The script phase2-select.py takes evaluation results for the subsets selected by the previous script, measures the saliency of each gene by how frequently it appeared in all subsets, and separates "candidate" genes from "non-candidate" genes according to a threshold.

Nextflow

Dependencies

This repository also provides a Nextflow pipeline for running Gene Oracle. All you need is nextflow, Docker, and nvidia-docker. On HPC systems, you can use Singularity in lieu of Docker. If for some reason you can't use either container software, you will have to install Gene Oracle and its dependencies on your local machine.

Input Data

The nextflow pipeline assumes you have your input data arranged as follows:

input/
  {dataset1}.emx.txt
  {dataset1}.labels.txt
  {dataset2}.emx.txt
  {dataset2}.labels.txt
  ...
  {genesets1}.genesets.txt
  {genesets2}.genesets.txt
  ...

This way, you can place as many gene subsets and datasets and the pipeline will process all of them in a single run.

Usage

Here is a basic usage:

nextflow run systemsgenetics/gene-oracle -profile <conda|docker|singularity>

This example will download this pipeline to your machine and use the default nextflow.config in this repo. It will assume that you have Gene Oracle installed natively, and it will process all input files in the input directory, saving all output files to the output directory, as defined in nextflow.config.

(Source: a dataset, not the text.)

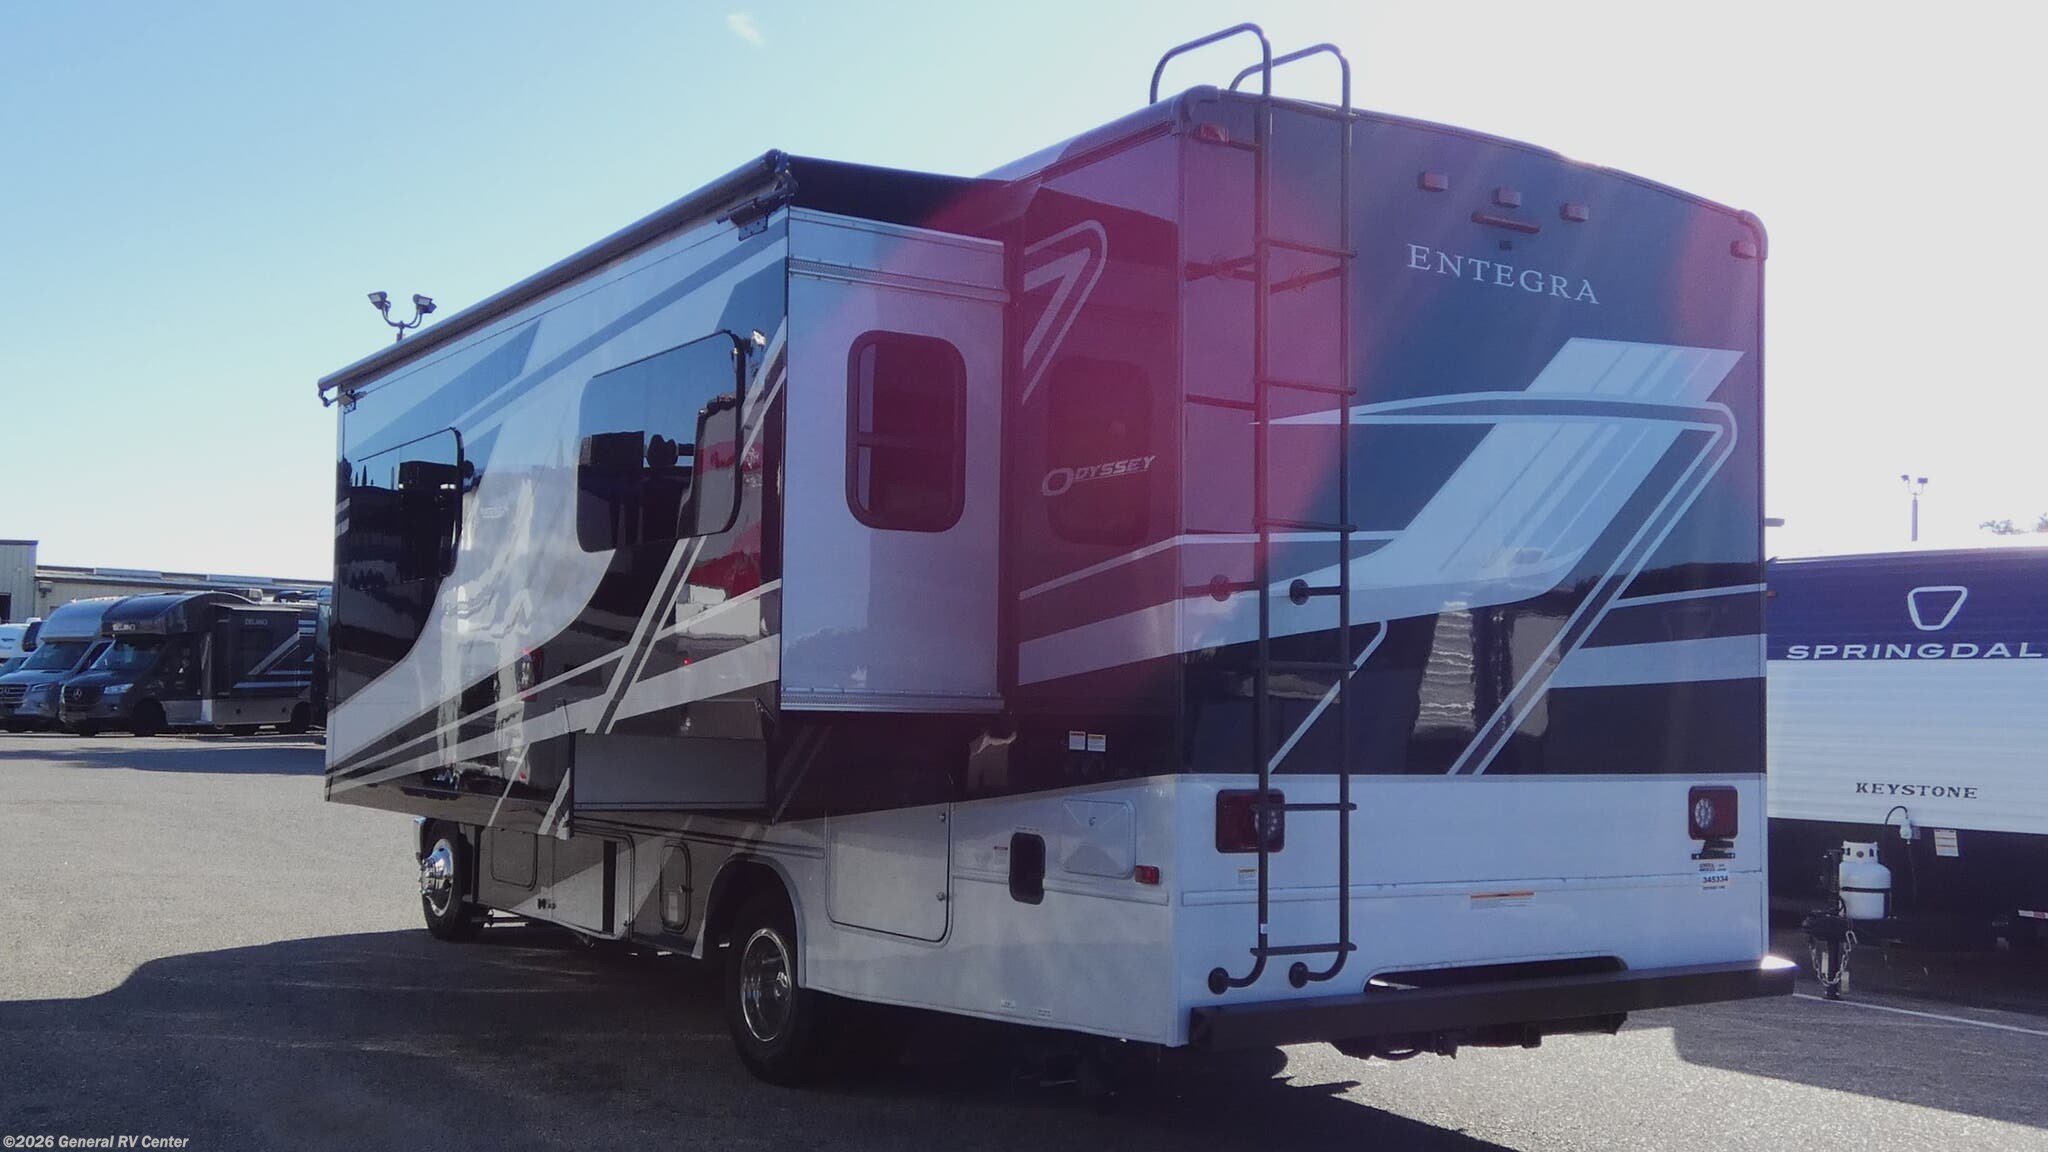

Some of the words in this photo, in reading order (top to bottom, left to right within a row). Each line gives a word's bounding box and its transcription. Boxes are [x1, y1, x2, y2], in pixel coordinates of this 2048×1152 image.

[1407, 243, 1600, 304] ENTEGRA
[1041, 456, 1156, 496] ODYSSEY
[1786, 642, 2043, 660] SPRINGDAL
[1856, 782, 1978, 799] KEYSTONE

You can also create your own nextflow.config file; nextflow will check for a config file in your current directory before defaulting to config file in this repo. You will most likely need to customize this config file as it provides options such as which experiments to run, how many chunks to use where applicable, and various other command-line parameters for Gene Oracle. The config file also allows you to define your own "profiles" for running this pipeline in different environments. Consult the Nextflow documentation for more information on what environments are supported.

You can resume a failed run with the -resume flag. Consult the Nextflow documentation for more information on these and other options.

Kubernetes

You can run this pipeline, as well as any other Nextflow pipeline, on a Kubernetes cluster with minimal effort. Consult the kube-runner repo for a command-line approach and Nextflow-API for a browser-based approach.